[Dataset excerpts]
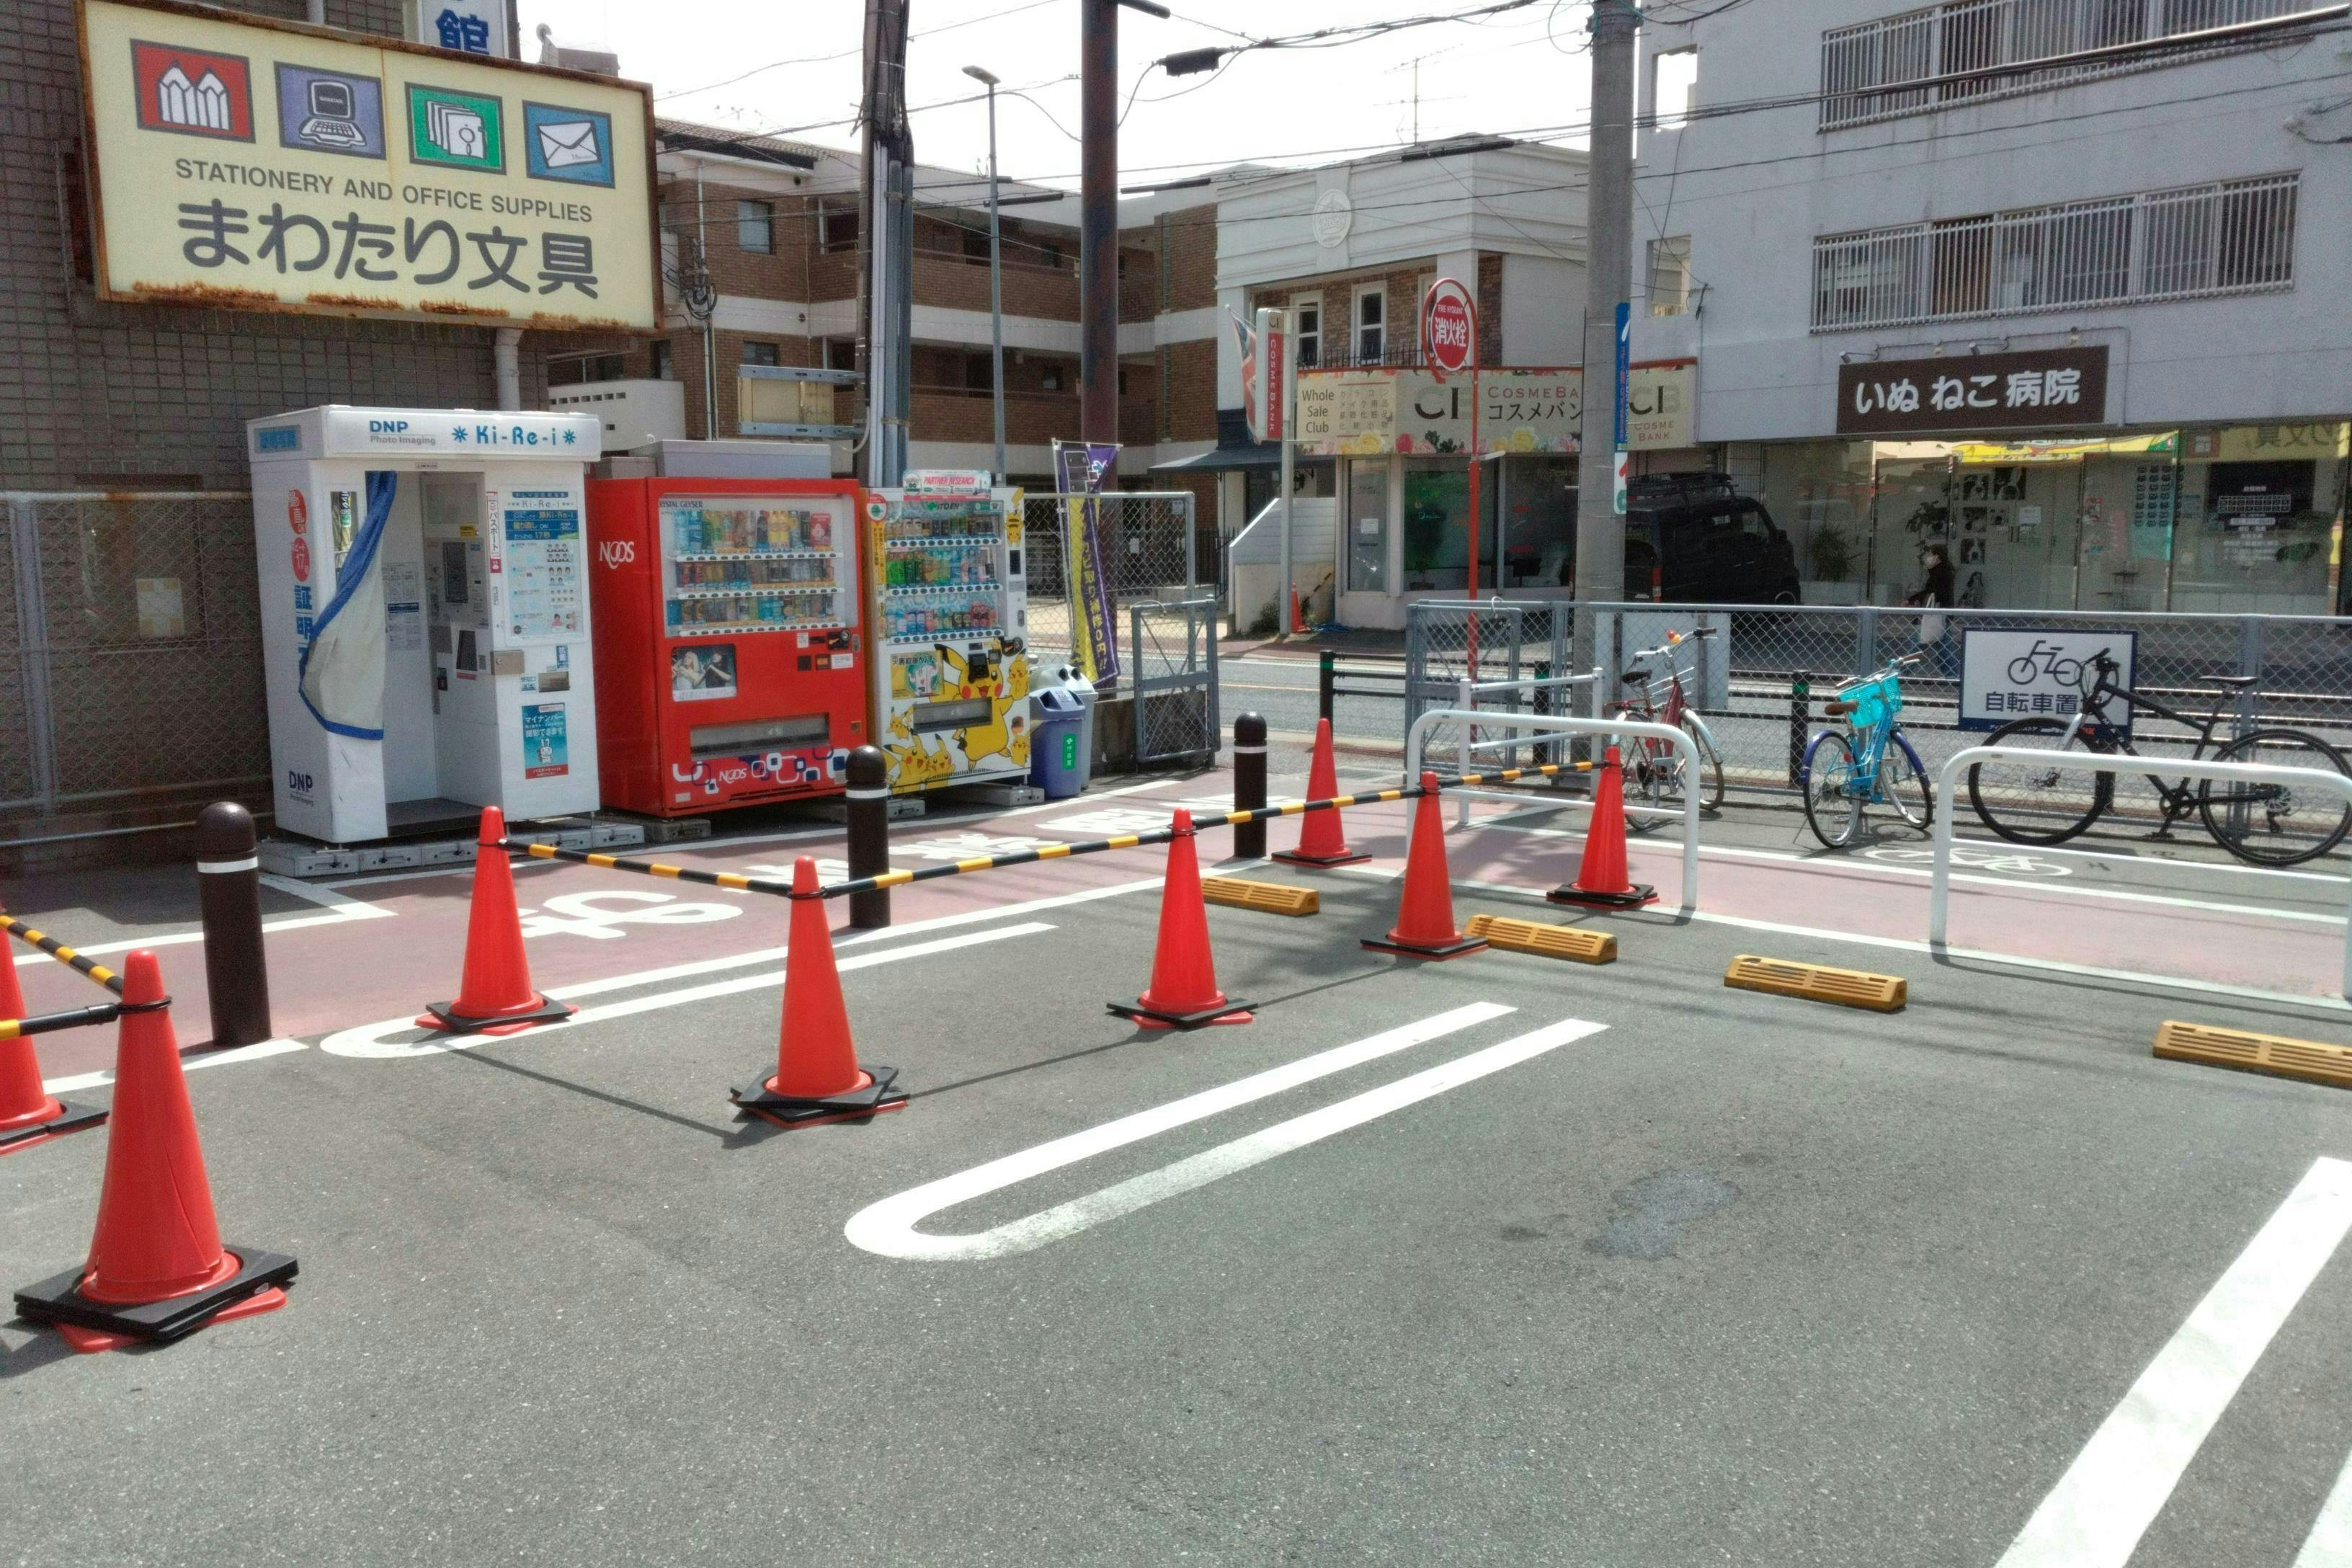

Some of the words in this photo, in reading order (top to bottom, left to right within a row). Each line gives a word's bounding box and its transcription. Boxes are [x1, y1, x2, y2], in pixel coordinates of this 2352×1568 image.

[175, 159, 334, 195] STATIONERY
[344, 179, 393, 201] AND
[403, 184, 483, 211] OFFICE
[491, 195, 592, 223] SUPPLIES
[178, 198, 598, 300] まわたり文具
[1438, 305, 1446, 313] FIRE
[1447, 306, 1464, 315] HYDRANT
[1435, 316, 1466, 347] 消火栓
[1301, 389, 1335, 401] Whole
[1856, 378, 1920, 414] いぬ
[1930, 375, 1998, 411] ねこ
[2006, 368, 2081, 408] 病院
[1307, 406, 1329, 417] Sale
[370, 420, 409, 432] DNP
[1306, 422, 1329, 433] Club
[1634, 420, 1675, 430] COSME
[370, 435, 396, 444] Photo
[398, 436, 436, 446] Imaging
[476, 425, 556, 445] Ki-Re-i
[1639, 432, 1670, 442] BANK
[924, 476, 946, 485] PARTNER
[949, 476, 975, 485] RESEARCH
[599, 540, 635, 569] NOOS
[1986, 691, 2085, 715] 自転車置
[525, 715, 565, 724] マイナンバー
[289, 770, 313, 792] DNP
[719, 768, 747, 784] NOOS

### [Task details]
Word for word and without any pictures, return all of the lines above.

### [Response box]
Some of the words in this photo, in reading order (top to bottom, left to right within a row). Each line gives a word's bounding box and its transcription. Boxes are [x1, y1, x2, y2], in pixel coordinates of this 2352×1568 image.

[175, 159, 334, 195] STATIONERY
[344, 179, 393, 201] AND
[403, 184, 483, 211] OFFICE
[491, 195, 592, 223] SUPPLIES
[178, 198, 598, 300] まわたり文具
[1438, 305, 1446, 313] FIRE
[1447, 306, 1464, 315] HYDRANT
[1435, 316, 1466, 347] 消火栓
[1301, 389, 1335, 401] Whole
[1856, 378, 1920, 414] いぬ
[1930, 375, 1998, 411] ねこ
[2006, 368, 2081, 408] 病院
[1307, 406, 1329, 417] Sale
[370, 420, 409, 432] DNP
[1306, 422, 1329, 433] Club
[1634, 420, 1675, 430] COSME
[370, 435, 396, 444] Photo
[398, 436, 436, 446] Imaging
[476, 425, 556, 445] Ki-Re-i
[1639, 432, 1670, 442] BANK
[924, 476, 946, 485] PARTNER
[949, 476, 975, 485] RESEARCH
[599, 540, 635, 569] NOOS
[1986, 691, 2085, 715] 自転車置
[525, 715, 565, 724] マイナンバー
[289, 770, 313, 792] DNP
[719, 768, 747, 784] NOOS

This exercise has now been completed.